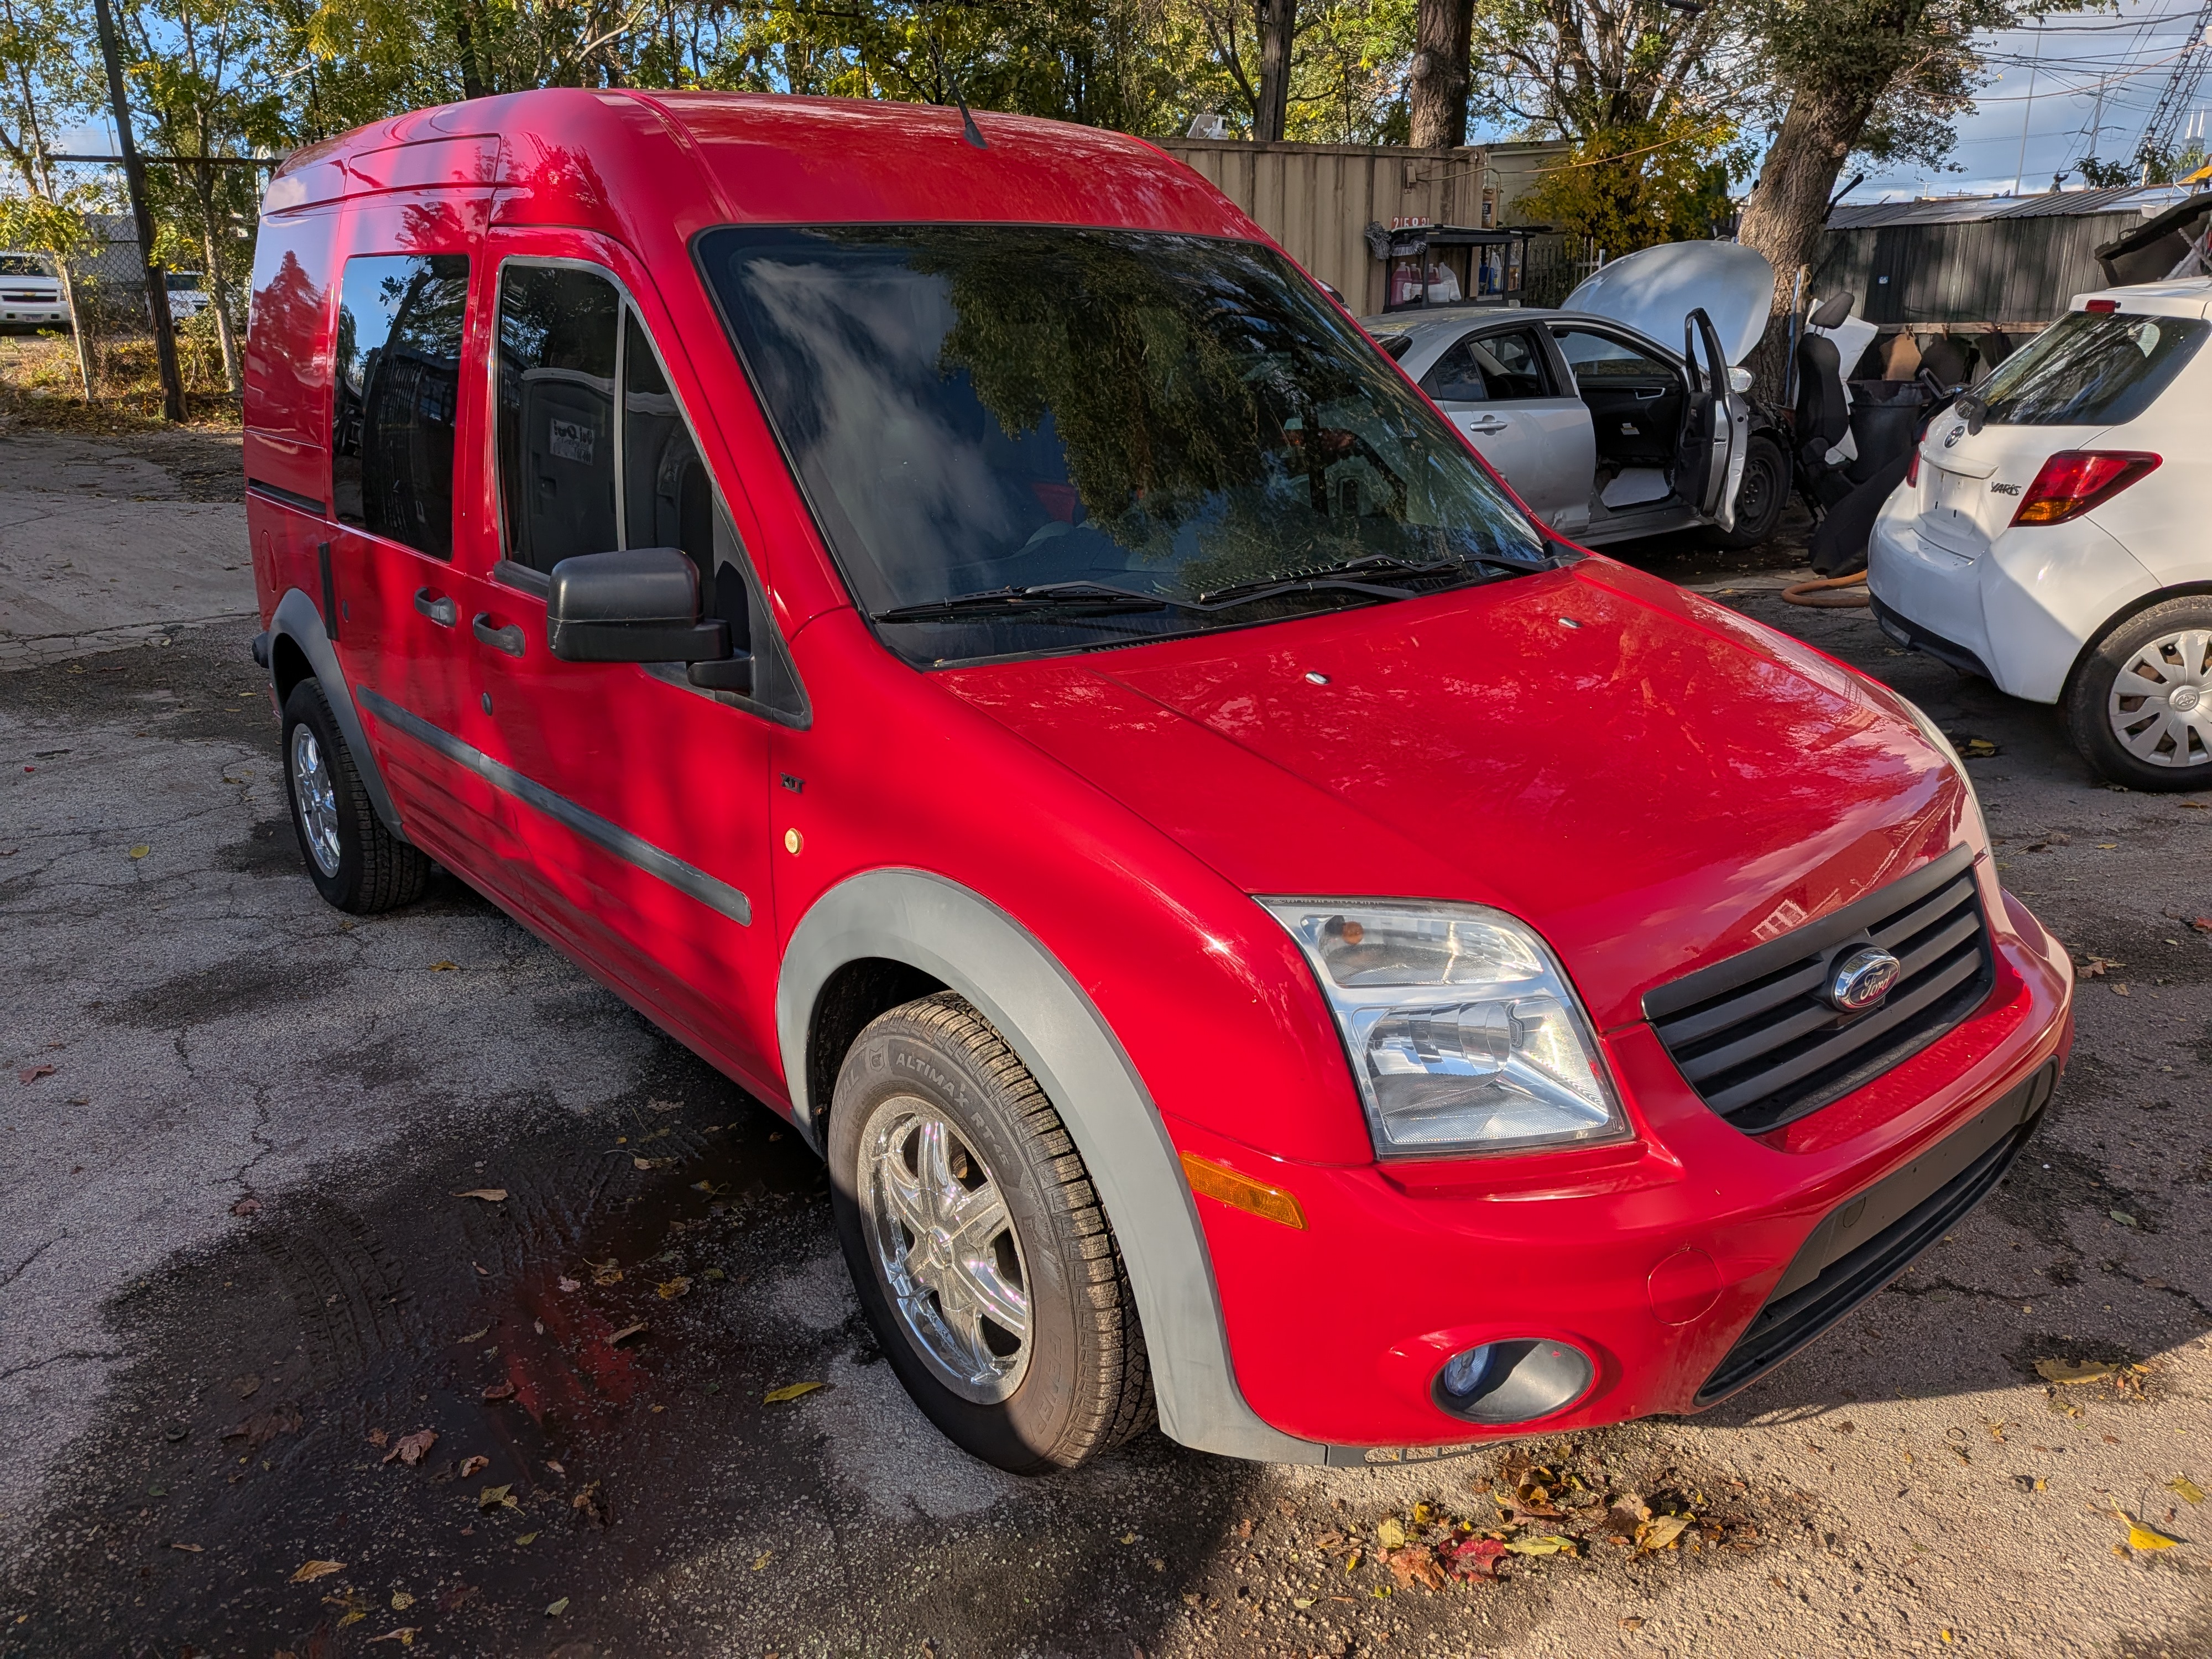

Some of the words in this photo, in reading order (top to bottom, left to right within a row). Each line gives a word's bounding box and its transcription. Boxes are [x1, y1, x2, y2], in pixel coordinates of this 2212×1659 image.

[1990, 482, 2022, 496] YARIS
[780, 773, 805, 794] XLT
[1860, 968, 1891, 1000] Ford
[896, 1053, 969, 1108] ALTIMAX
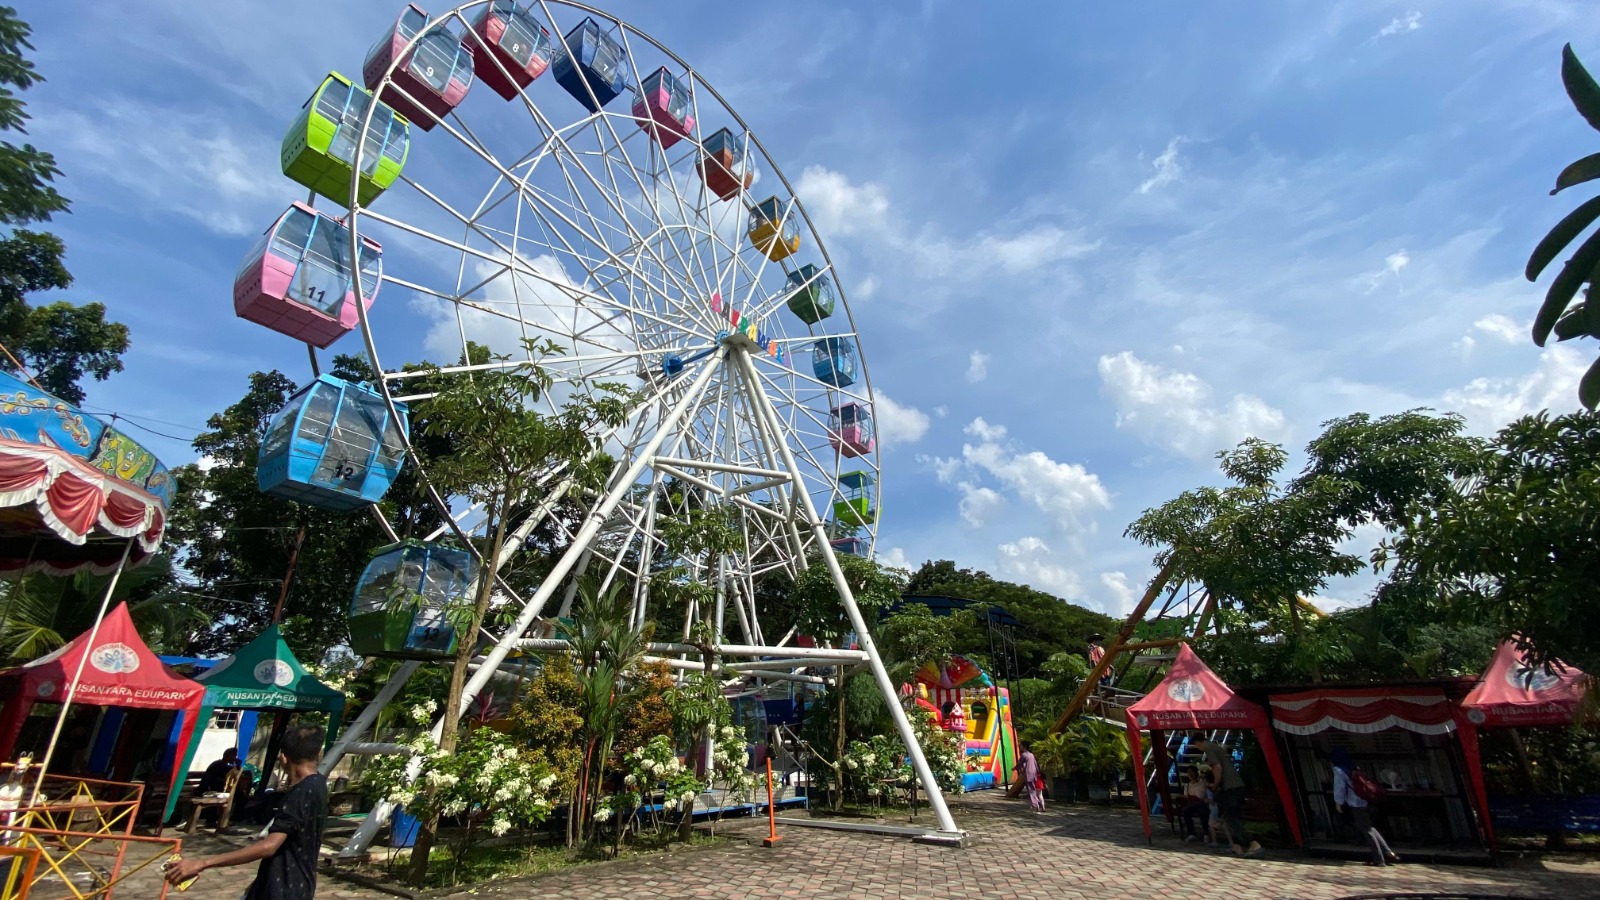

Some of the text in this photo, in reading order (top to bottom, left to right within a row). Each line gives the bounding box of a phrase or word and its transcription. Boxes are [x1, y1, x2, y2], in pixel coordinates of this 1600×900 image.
※ ※ ※
**WHAT YOU HAVE TO DO:**
All of the data must be given again exactly, without the pictures.

**REPLY TO THE EXERCISE:**
Some of the words in this photo, in reading order (top to bottom, left to right within a row). Each line gives a word's bounding box and its transcription. Boxes are [x1, y1, x2, y2], in pixel coordinates of this 2212×1659 image.

[1990, 482, 2022, 496] YARIS
[780, 773, 805, 794] XLT
[1860, 968, 1891, 1000] Ford
[896, 1053, 969, 1108] ALTIMAX

Some of the text in this photo, in reading order (top to bottom, left to right within a row). Each line gives the bounding box of a phrase or word and its transcription. Boxes are [x1, y1, x2, y2], in pixel coordinates of this 1600×900 image.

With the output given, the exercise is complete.